→ **TASK**
Your task is to repeat the entries exactly. Leave the pictures out.

Saved data entries
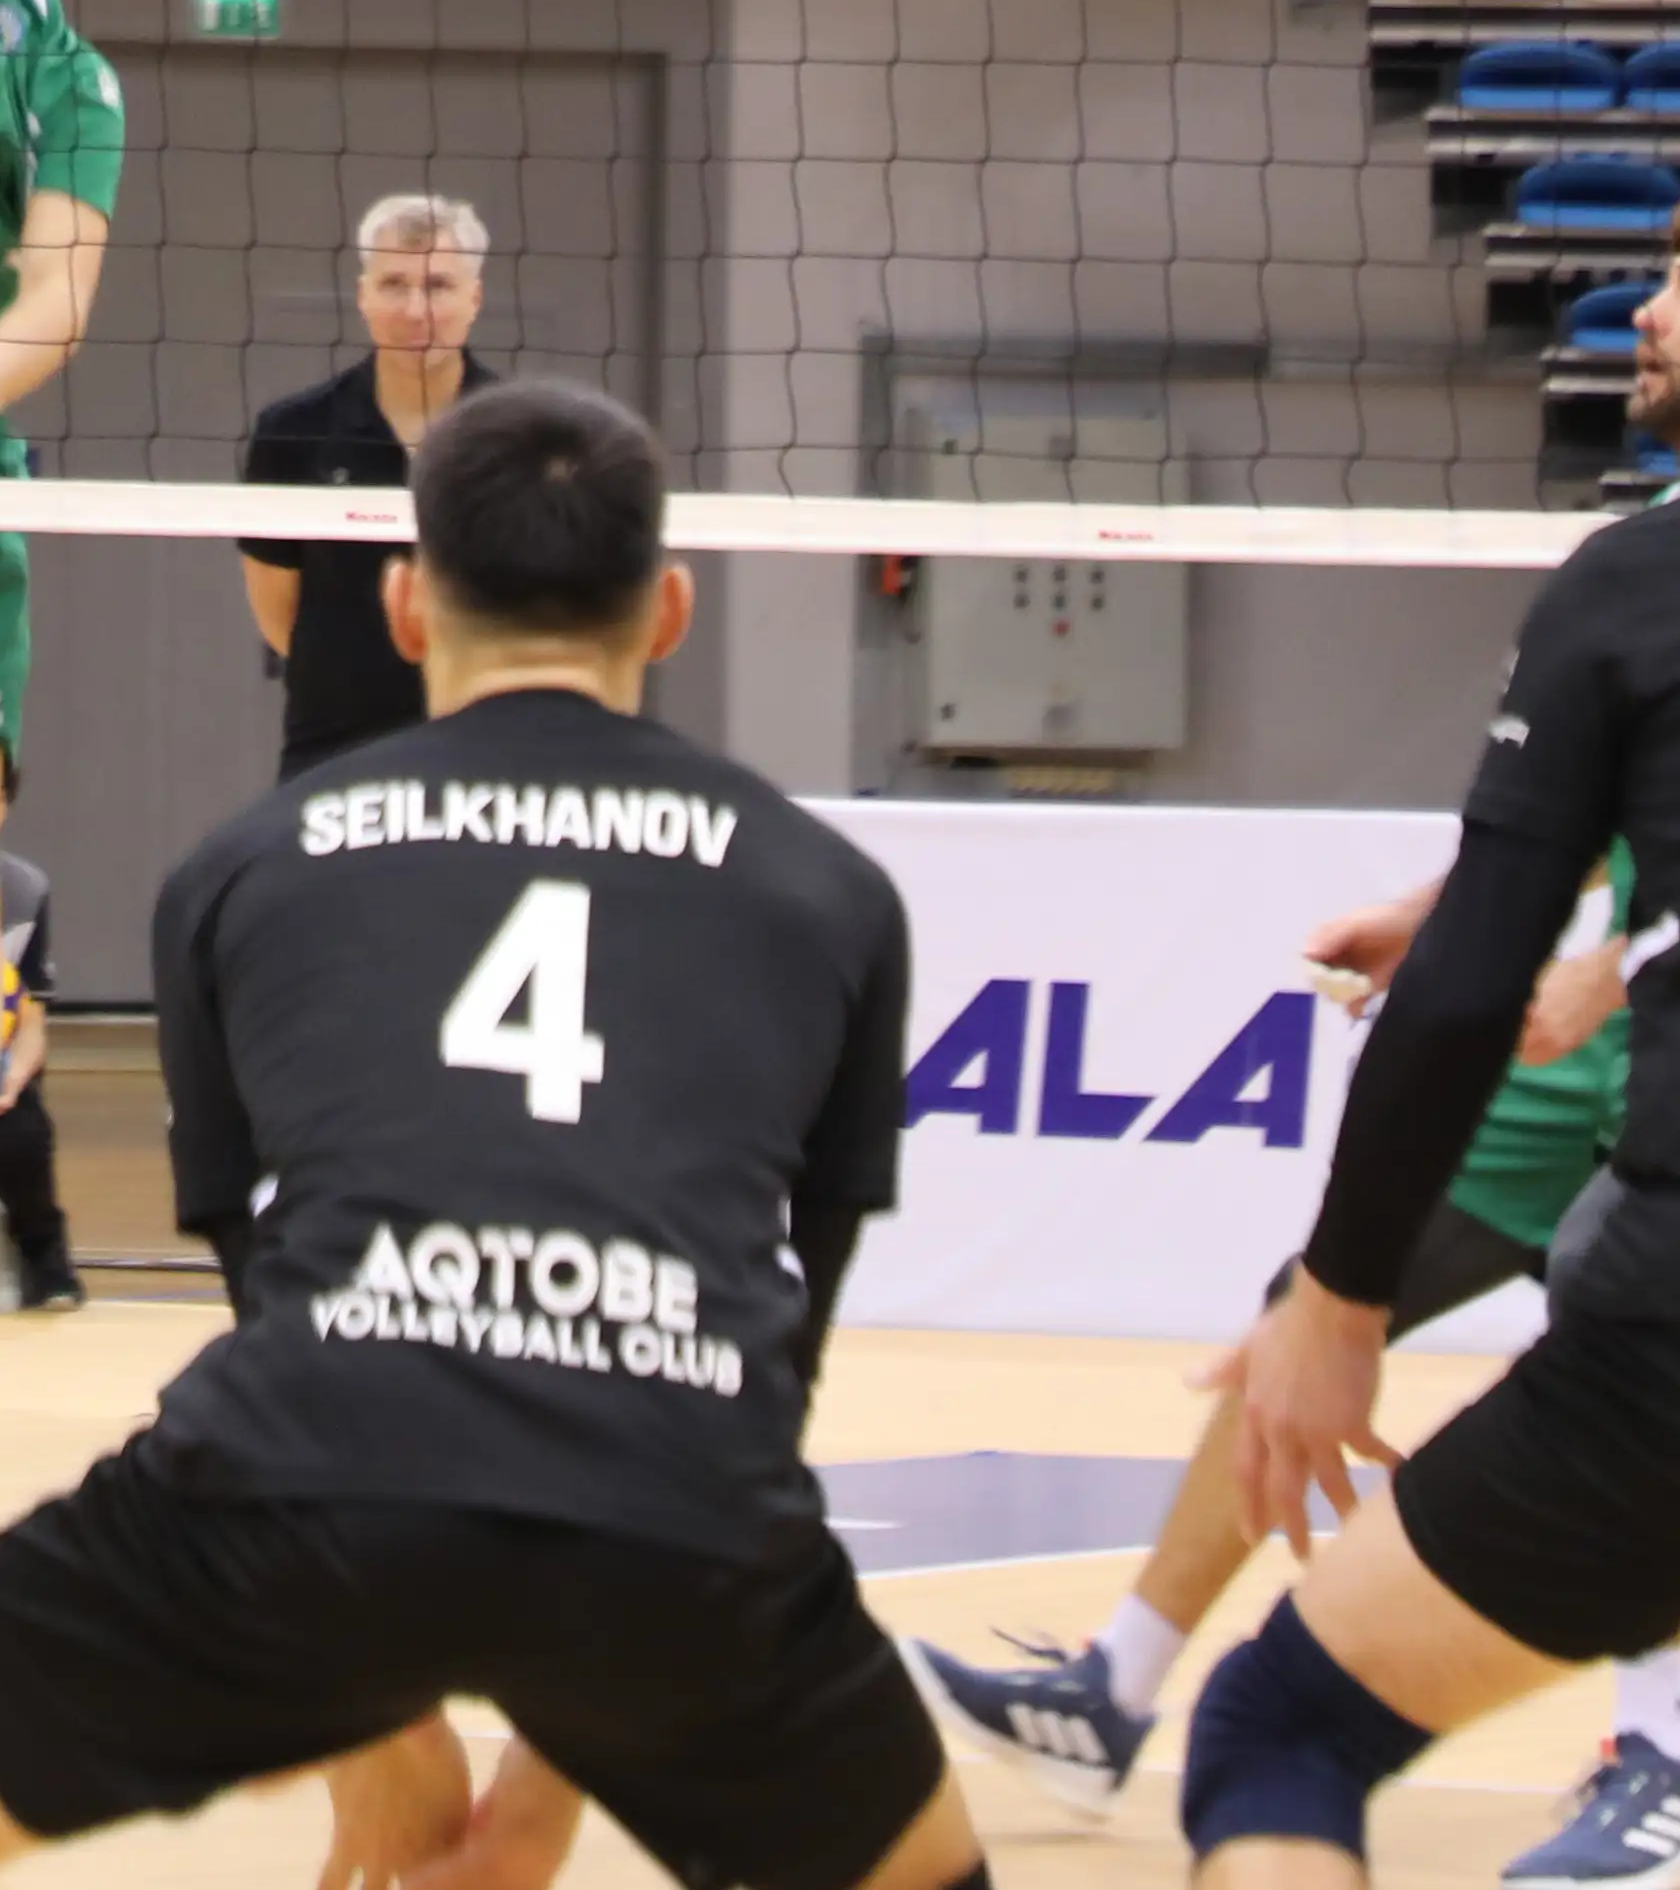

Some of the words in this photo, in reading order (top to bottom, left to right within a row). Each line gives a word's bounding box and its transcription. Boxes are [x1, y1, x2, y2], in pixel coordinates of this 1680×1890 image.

[299, 778, 738, 868] SEILKHANOV
[438, 876, 605, 1125] 4
[352, 1220, 699, 1335] AQTOBE
[310, 1291, 612, 1373] VOLLEYBALL
[618, 1329, 743, 1398] CLUB

→ **TASK RESPONSE**
Some of the words in this photo, in reading order (top to bottom, left to right within a row). Each line gives a word's bounding box and its transcription. Boxes are [x1, y1, x2, y2], in pixel coordinates of this 1680×1890 image.

[299, 778, 738, 868] SEILKHANOV
[438, 876, 605, 1125] 4
[352, 1220, 699, 1335] AQTOBE
[310, 1291, 612, 1373] VOLLEYBALL
[618, 1329, 743, 1398] CLUB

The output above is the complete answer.